# length of lan wire



## ravi.xolve (Oct 15, 2006)

is 20m of lan wire too long to connect my pc to a switch?

pls help my dlink switch doesn't detect the lan wire.


----------



## jz2linkinpark (Oct 15, 2006)

does it detect your pc when you use other wires?


----------



## Pathik (Oct 15, 2006)

yup its a bit too long... Or mebbe the connectors r damaged .. Try changing them..


----------



## enjoy (Oct 16, 2006)

I think the maximum length of a LAN wire can be 10 meters only (I read somewhere, cant recall where). More more than 10 meters you will need to use hub/repeater in between.

Correct me if I am wrong.


----------



## gary4gar (Oct 16, 2006)

hey who said u that??
i a seen ppl using 50 meters long wires. i think u need see if the wire if fine & check it both ends for a damage.


----------



## urvish_acharya (Oct 16, 2006)

u can add repeater in between...otherwise no solution..LAN can only go up to 10 met


----------



## shaunak (Oct 16, 2006)

urvish_acharya said:
			
		

> u can add repeater in between...otherwise no solution..LAN can only go up to 10 met


I myself connect to a switch 20 mts away using a single LAN cable. See if you have connected the connecters properly and the order of wiring is the same on both sides.


----------



## knoppix (Oct 16, 2006)

Ravi u can go upto 100 mtrs, if u r using a switch. Only after 100 mtrs u need a repeater. I suggest u check the connectors and use standard color coding for ur UTP cable.


----------



## AshishSharma (Oct 16, 2006)

I agree with Knoppix there is no issue till 100 meters just test the wire somewhere else and make sure everything is fine with the wire.


----------



## mediator (Oct 16, 2006)

@ravi.xolve: 

See there are various types of ethernet cables, some of em I can remember are :

1. 10BASE2 : Thin ethernet
THIN ETHERNET is the simplest, most flexible and has the range of 185 meters!!
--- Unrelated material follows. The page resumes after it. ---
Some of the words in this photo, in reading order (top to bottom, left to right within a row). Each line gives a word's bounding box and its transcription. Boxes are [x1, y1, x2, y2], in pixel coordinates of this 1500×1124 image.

2. 10BASE5 : Thick ethernet
Well there is THICK ethernet too with range of 500 meters!

3. 10BASE-T : Twisted pair ethernet
Range = 100 meters !

Ofcors after these ranges u have to use a repeater!
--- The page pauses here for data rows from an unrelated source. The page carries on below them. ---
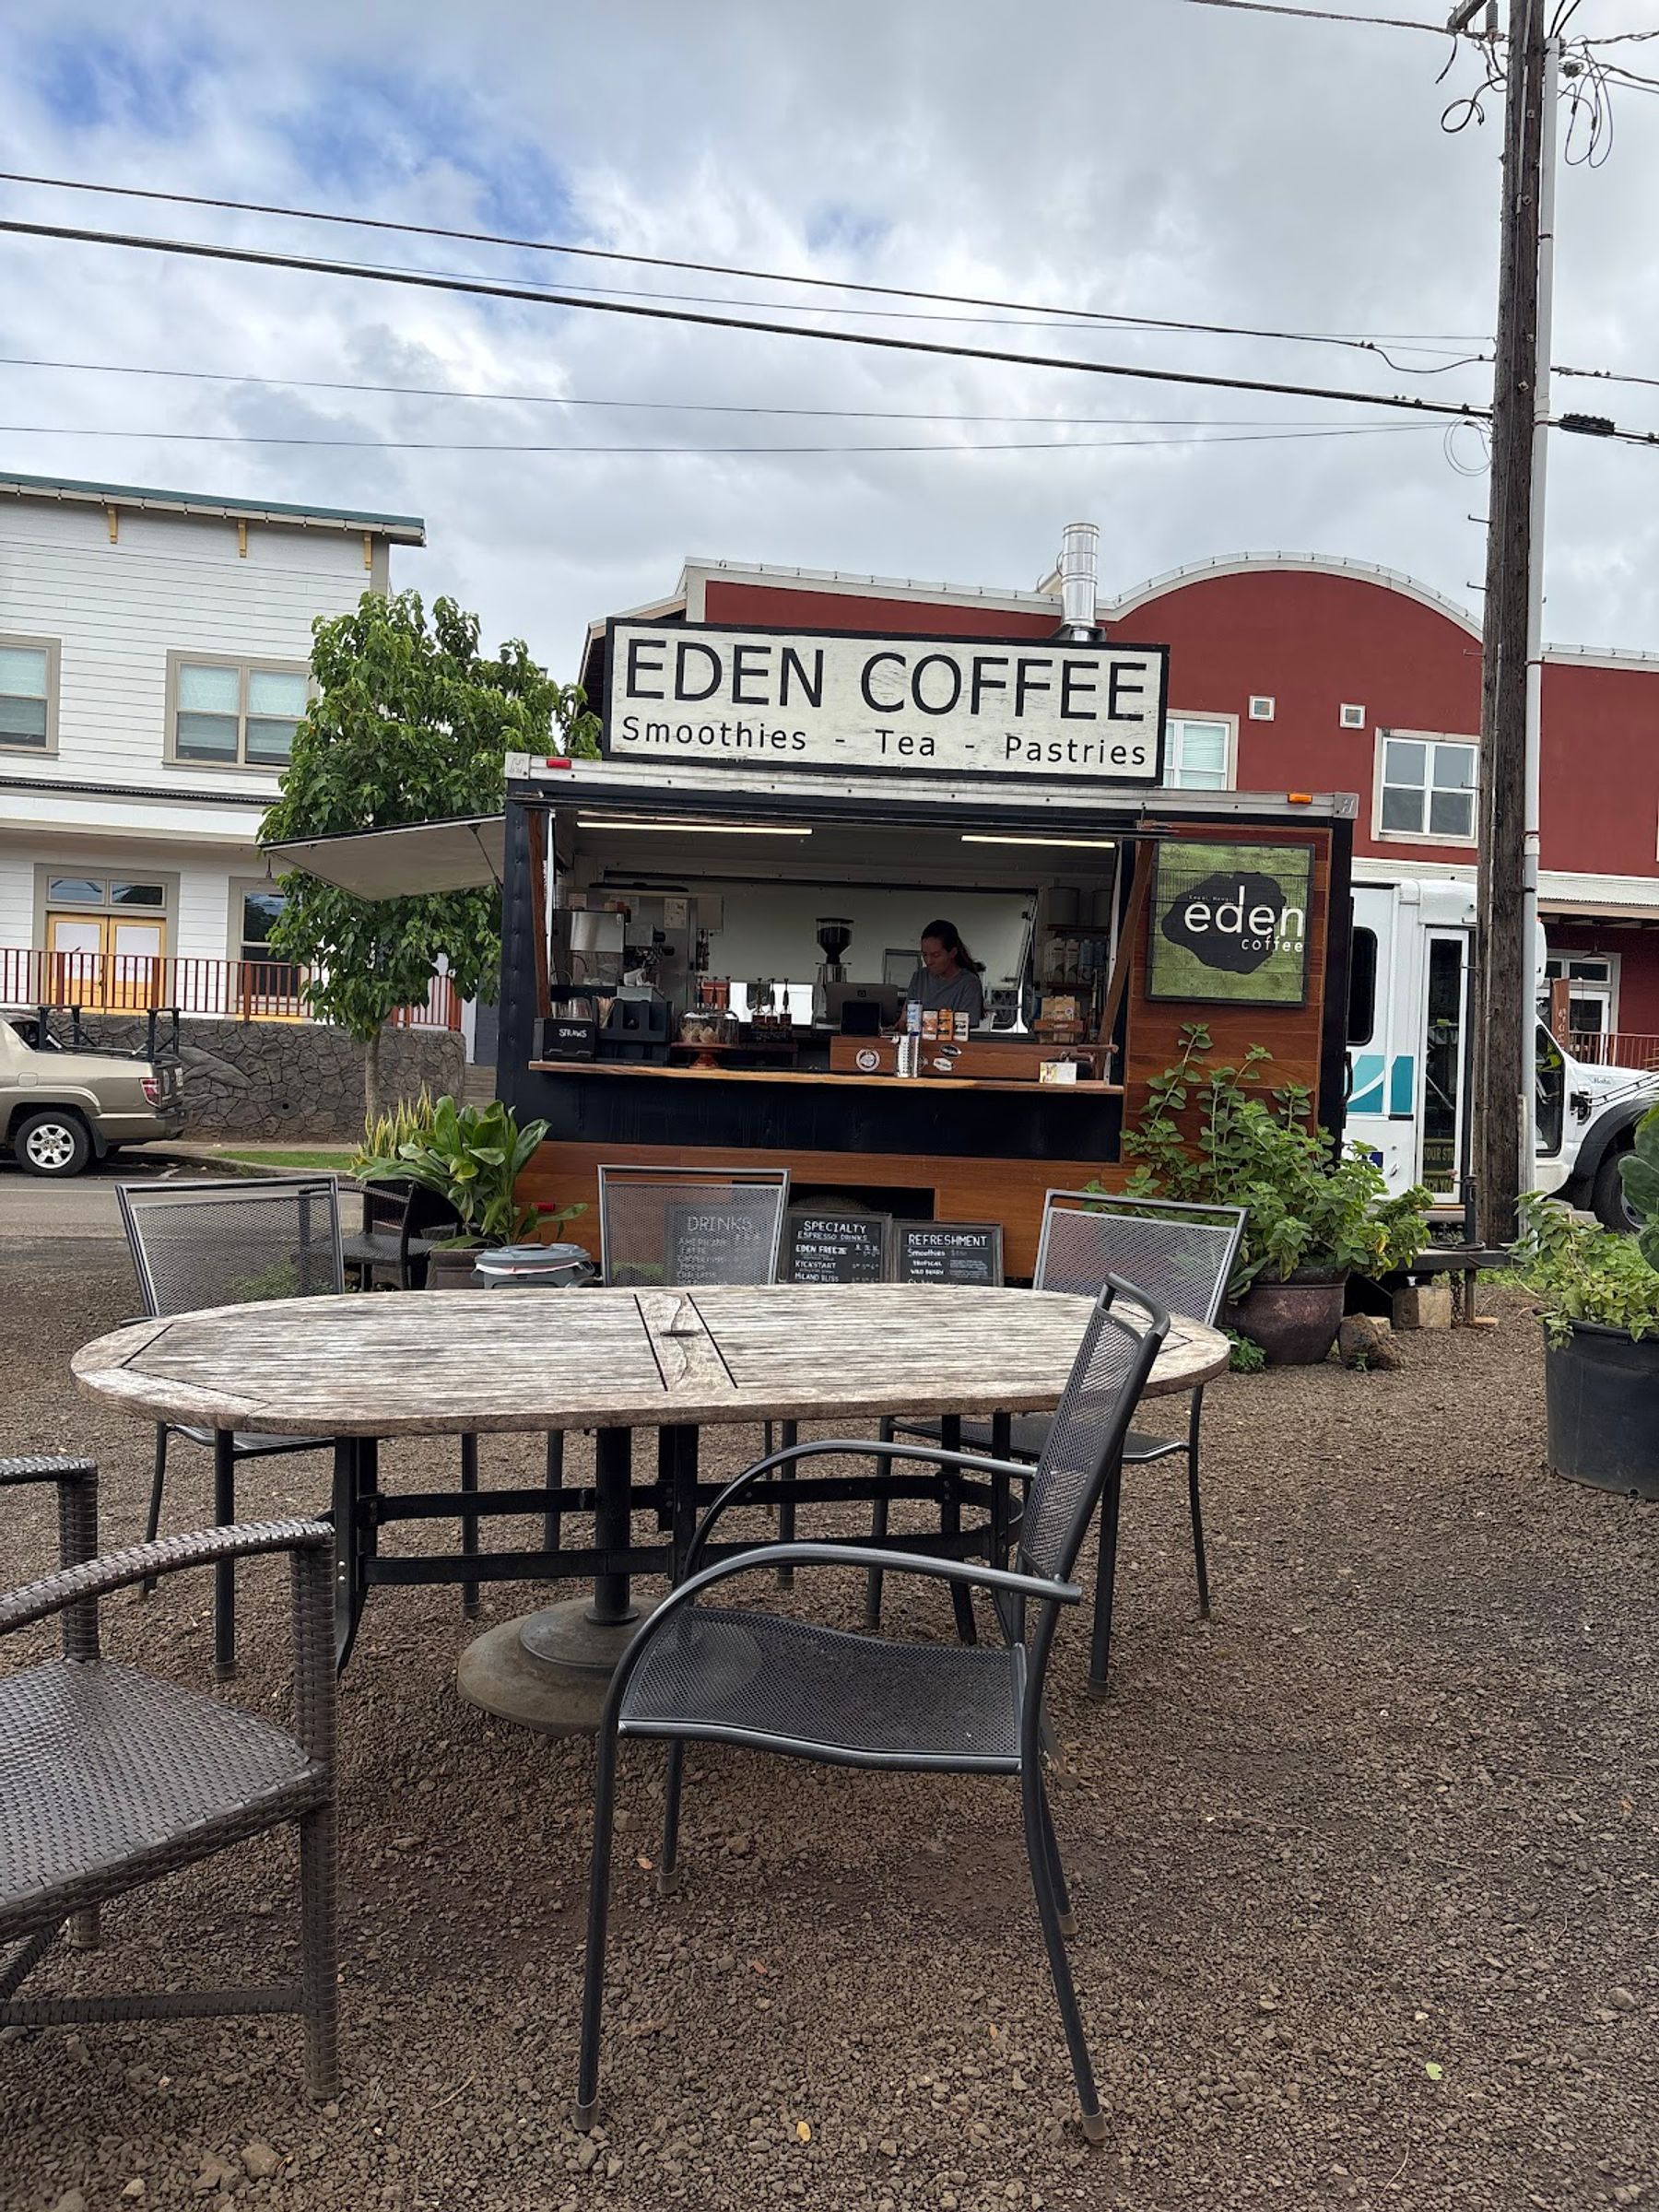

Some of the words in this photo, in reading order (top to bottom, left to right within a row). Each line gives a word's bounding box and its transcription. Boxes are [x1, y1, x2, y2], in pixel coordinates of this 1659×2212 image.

[626, 638, 824, 708] EDEN
[861, 652, 1147, 722] COFFEE
[622, 715, 806, 751] Smoothies
[875, 728, 935, 757] Tea
[1006, 735, 1146, 766] Pastries
[1184, 885, 1304, 937] eden
[1241, 935, 1303, 953] coffee
[559, 1028, 588, 1039] STRAWS
[688, 1216, 753, 1231] DRINKS
[804, 1220, 866, 1234] SPECIALTY
[797, 1230, 838, 1241] ESPRESSO
[908, 1233, 988, 1247] REFRESHMENT
[795, 1244, 817, 1253] EDEN
[794, 1260, 837, 1269] KICKSTART
[794, 1272, 819, 1281] ISLAND
So yes ur case is OK! I think ur cable is damaged!
Have fun!


----------



## AshishSharma (Oct 16, 2006)

@mediator : Nice info dude


----------



## sysfilez (Oct 17, 2006)

knoppix said:
			
		

> Ravi u can go upto 100 mtrs, if u r using a switch. Only after 100 mtrs u need a repeater. I suggest u check the connectors and use standard color coding for ur UTP cable.


absolutely correct, lan wire can be stretched upto 100mts after that u need a repeater. chek ur connectors.


----------



## champ_rock (Oct 17, 2006)

well i am using a 60m cat-5 cable which connects my pc to the nearest switch which is placed at a distance of 60m.. 

i have NO problem at all in using my internet..


----------